Building Resilient Distributed Systems - Part 3
This post is part of a series that covers the concept of resilience in a distributed environment, and how to improve a systems handling of transient errors.
- Part 1 - System failure and Resilience
- Part 2 - Implementing Resilience
- Part 3 - Benefits of Resilience
So what benefit does the scenario give us? How does this affect our systems, load and logging? Why is it worth doing?
I put together a small application to demo the scenarios discussed in the previous posts. It’s a glorious piece of UI design, as you can see below:
We are interested in how robust the connectivity is between layers. The green arrows represent successful service calls, the red arrows represent failed calls. On the server side, the yellow refresh symbol indicates the number of calls that failed and were retried.
In the sample app we are running a service that will be unavailable 50% of the time, toggling on / off every 4 seconds. We are running requests at a rate of 50 per second, for 30 seconds, a total of 1500 requests.
The Server Mode field has the options:
- Raw - No resilience implementation, straight calls Client -> Server A -> Server B
- Retry - Calls from Server A -> Server B are retried up to 5 times, with a 1 second wait between each attempt.
- Retry With Circuit Breaker - This is the same as Retry but with a Circuit Breaker underneath which disabled further requests for 0.5 seconds when two calls fail in a row.
With this set up, we can now test the various scenarios and see exactly what kind of effect the different approaches have.

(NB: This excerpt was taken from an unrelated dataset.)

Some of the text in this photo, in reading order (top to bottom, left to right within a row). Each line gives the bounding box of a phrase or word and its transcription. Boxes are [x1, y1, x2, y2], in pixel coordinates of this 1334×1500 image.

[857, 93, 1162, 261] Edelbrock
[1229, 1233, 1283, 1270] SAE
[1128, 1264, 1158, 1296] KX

As you can see from this, any call from Client -> Server A will fail when the call from Server A -> Server B. This is essentially the worst case scenario for a system. In the case of the test application, we have around a 50% failure rate of client calls.
There’s a significant improvement just by applying a retry policy. There are now no failed client calls, but as you can see from the diagram, the number of failed calls between Server A and Server B has jumped, and has a 25% failure rate.
This will lead to unescessary noise in the system, lots of packets being sent that will fail, many failed requests, an increase in counters, and notifications being raised by monitoring software.
Retry with Circuit Breaker
Finally, with the added circuit breaker, we can drop the failure rate between Server A and Server B to ~6.5%. This is a massive improvement. Considering we have made 1500 calls, between the client and Server A, and Server B is only available 50% of the time, we only made 104 failed calls, this is a huge improvement in network noise, while maintining availability for the client.
As you can see, resilience techniques can improve the experience for both the calling client, as well as reducing the load on the underlying system.
While this is a contrived example running in a local application, the concepts apply to larger distributed applications as well. As a company commits to a higher SLA, these techniques become critical, and once implemented the configuration of the retry and circuit breaker mechanisms will become a mathematical modeling problem, which is where those smart maths PHD people come in.
About the Application
The application is written in WPF, and makes heavy use of the TPL to run concurrent requests and Reactive Extensions to handle the stream of events generated by parallel tasks, with the retry mechanism using Polly. It is available for download from our public GitHub repo.